┌─ Record excerpts

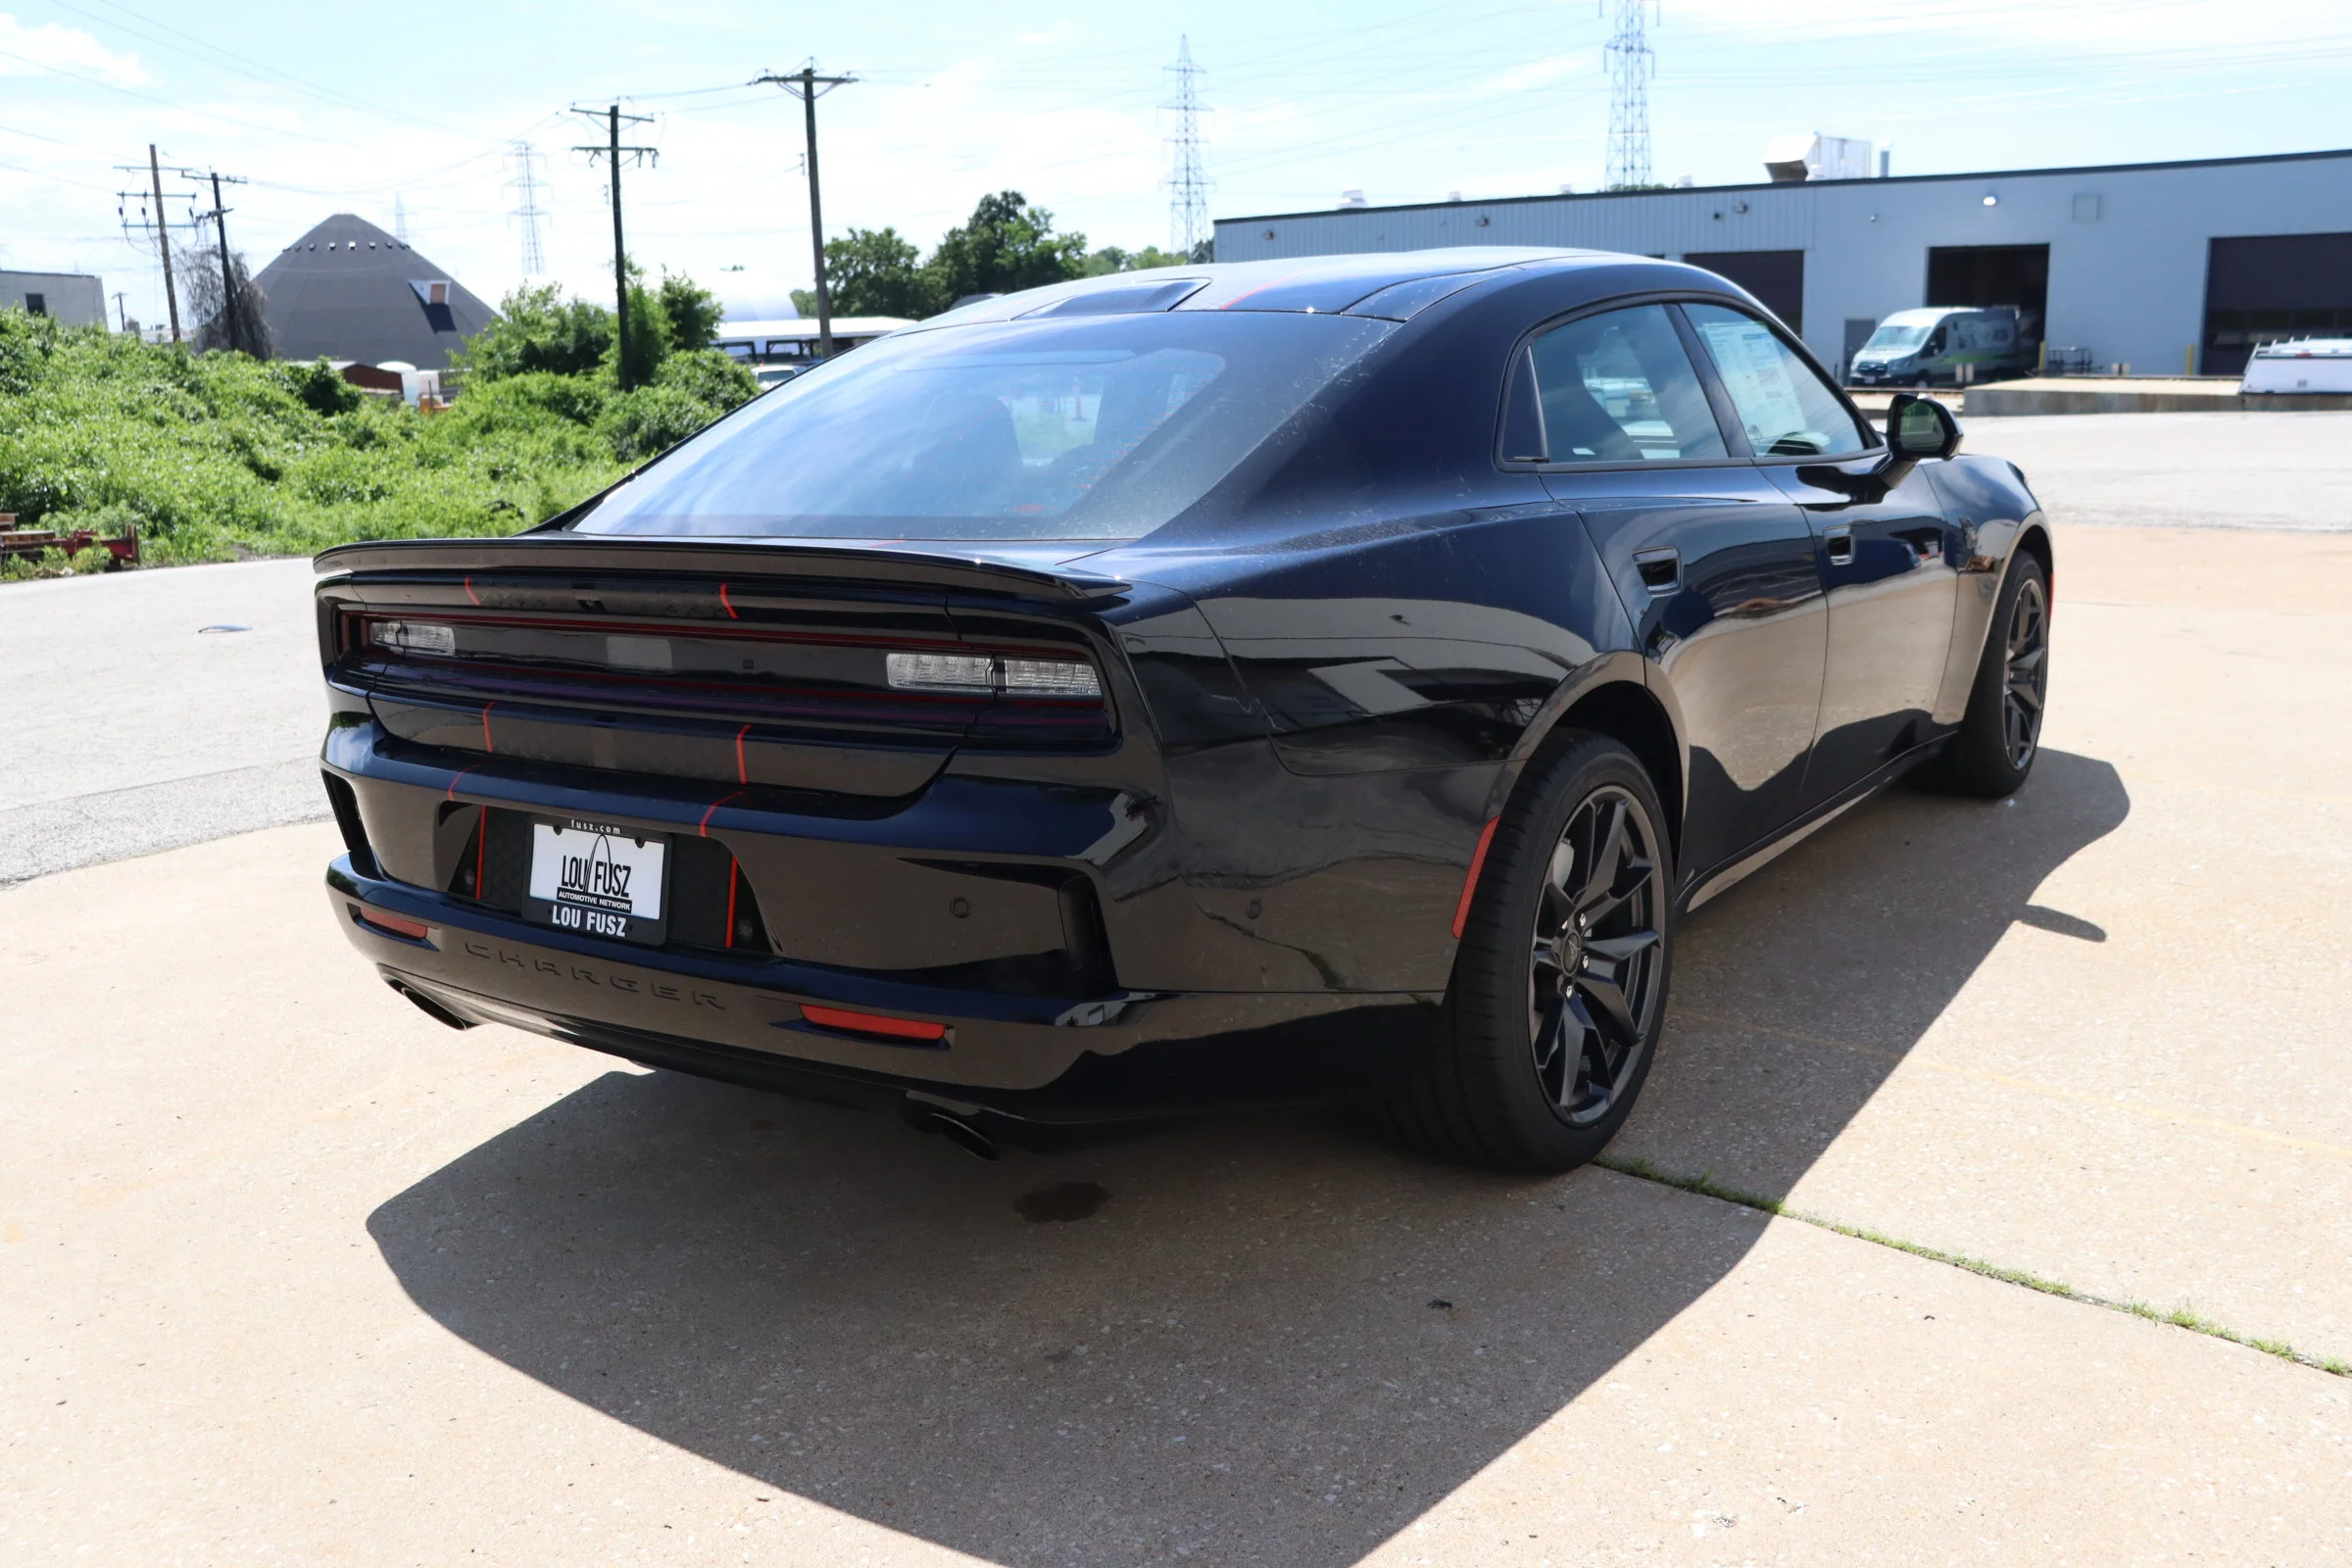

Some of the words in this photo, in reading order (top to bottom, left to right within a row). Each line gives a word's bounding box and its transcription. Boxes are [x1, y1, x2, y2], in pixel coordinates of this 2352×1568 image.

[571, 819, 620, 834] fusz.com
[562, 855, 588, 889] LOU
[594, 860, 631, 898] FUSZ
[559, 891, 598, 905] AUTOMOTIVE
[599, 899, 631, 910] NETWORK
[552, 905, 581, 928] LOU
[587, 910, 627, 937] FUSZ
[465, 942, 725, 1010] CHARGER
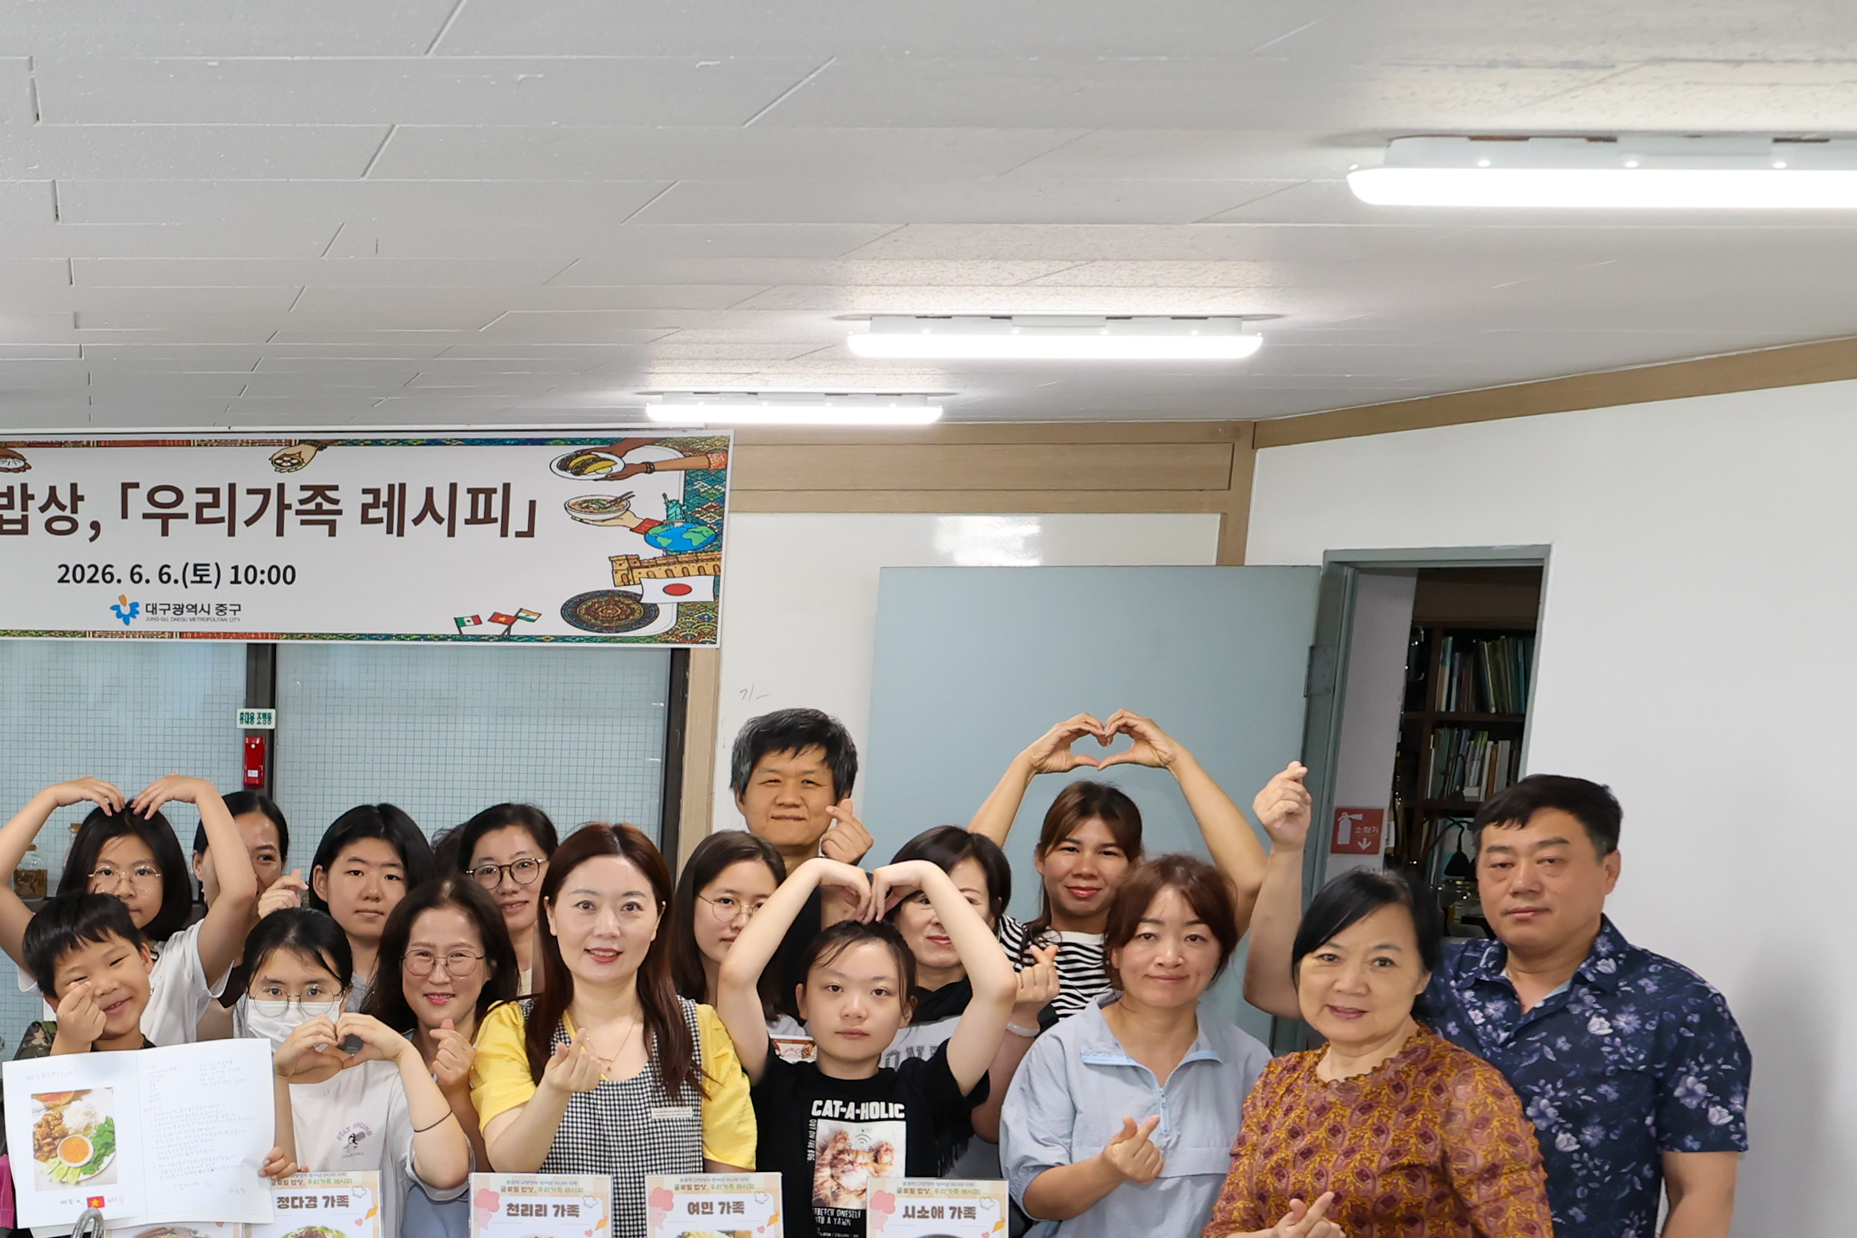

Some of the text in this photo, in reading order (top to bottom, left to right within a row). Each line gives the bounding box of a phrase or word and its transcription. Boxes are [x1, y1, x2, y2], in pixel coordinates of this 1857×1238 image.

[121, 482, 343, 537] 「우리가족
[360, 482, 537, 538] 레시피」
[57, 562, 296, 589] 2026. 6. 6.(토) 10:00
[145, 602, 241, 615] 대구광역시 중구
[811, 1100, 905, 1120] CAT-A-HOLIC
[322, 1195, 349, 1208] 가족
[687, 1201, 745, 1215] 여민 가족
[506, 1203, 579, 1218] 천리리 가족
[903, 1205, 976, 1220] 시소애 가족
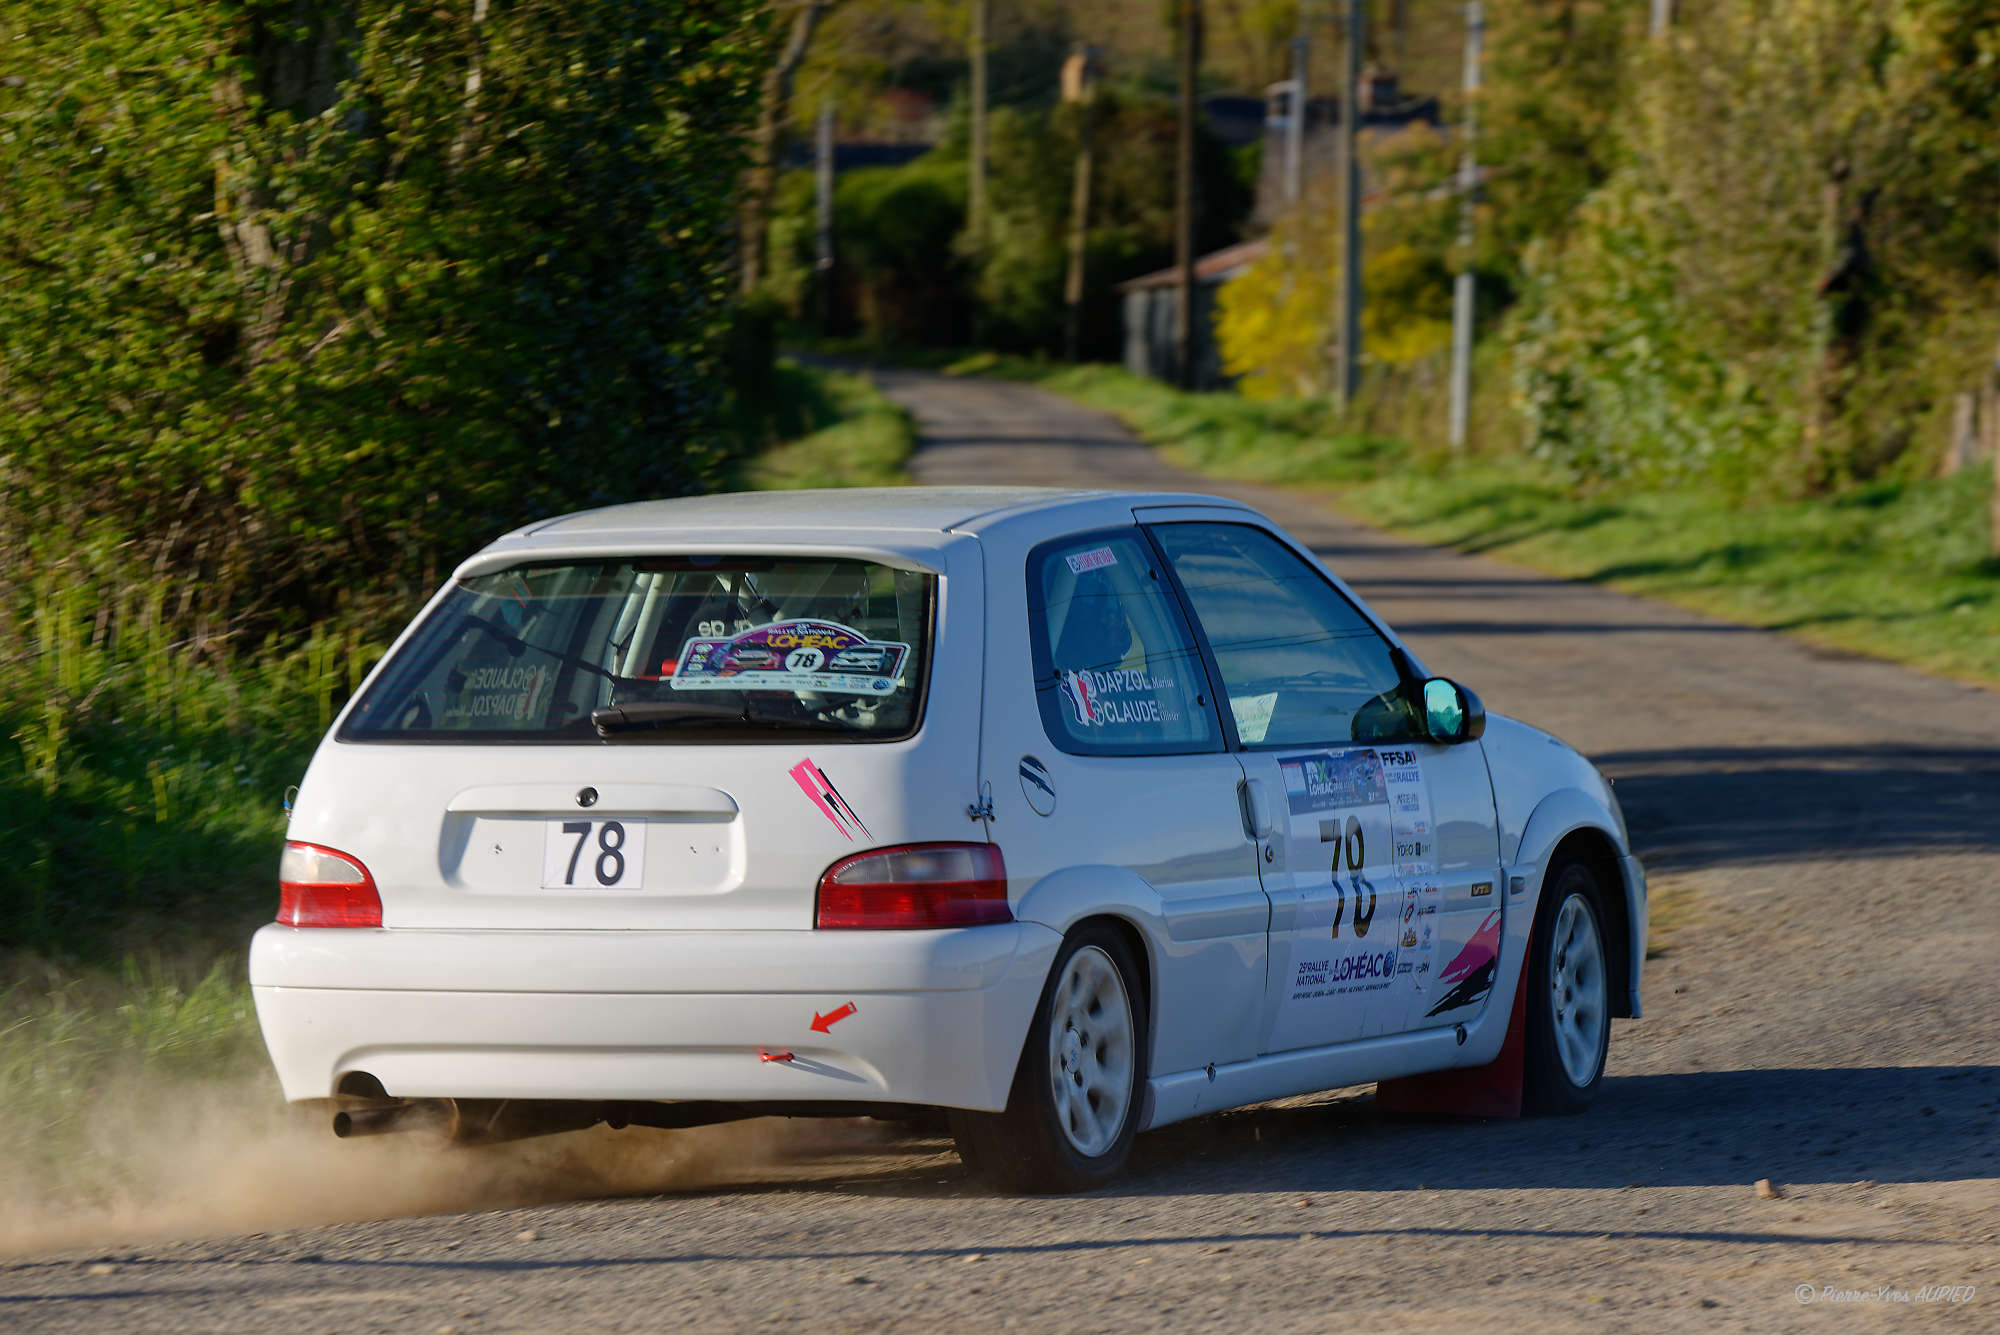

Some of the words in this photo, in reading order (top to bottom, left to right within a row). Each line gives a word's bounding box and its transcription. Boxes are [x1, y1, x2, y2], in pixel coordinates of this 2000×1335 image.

└─

_What the task requires:_
Output the data above exactly; pictures do not belong in the copy.

_Response area:_
Some of the words in this photo, in reading order (top to bottom, left to right within a row). Each line gives a word's bounding box and its transcription. Boxes are [x1, y1, x2, y2], in pixel coordinates of this 2352×1568 image.

[571, 819, 620, 834] fusz.com
[562, 855, 588, 889] LOU
[594, 860, 631, 898] FUSZ
[559, 891, 598, 905] AUTOMOTIVE
[599, 899, 631, 910] NETWORK
[552, 905, 581, 928] LOU
[587, 910, 627, 937] FUSZ
[465, 942, 725, 1010] CHARGER

Some of the text in this photo, in reading order (top to bottom, left to right within a row). Each line gives the bounding box of a phrase or word and its transcription. Boxes are [x1, y1, x2, y2], in pixel coordinates of this 1857×1238 image.

[121, 482, 343, 537] 「우리가족
[360, 482, 537, 538] 레시피」
[57, 562, 296, 589] 2026. 6. 6.(토) 10:00
[145, 602, 241, 615] 대구광역시 중구
[811, 1100, 905, 1120] CAT-A-HOLIC
[322, 1195, 349, 1208] 가족
[687, 1201, 745, 1215] 여민 가족
[506, 1203, 579, 1218] 천리리 가족
[903, 1205, 976, 1220] 시소애 가족

Some of the words in this photo, in reading order (top to bottom, left to right within a row). Each line gives a word's bounding box and its transcription. Boxes are [x1, y1, x2, y2], in pixel coordinates of this 2000×1335 image.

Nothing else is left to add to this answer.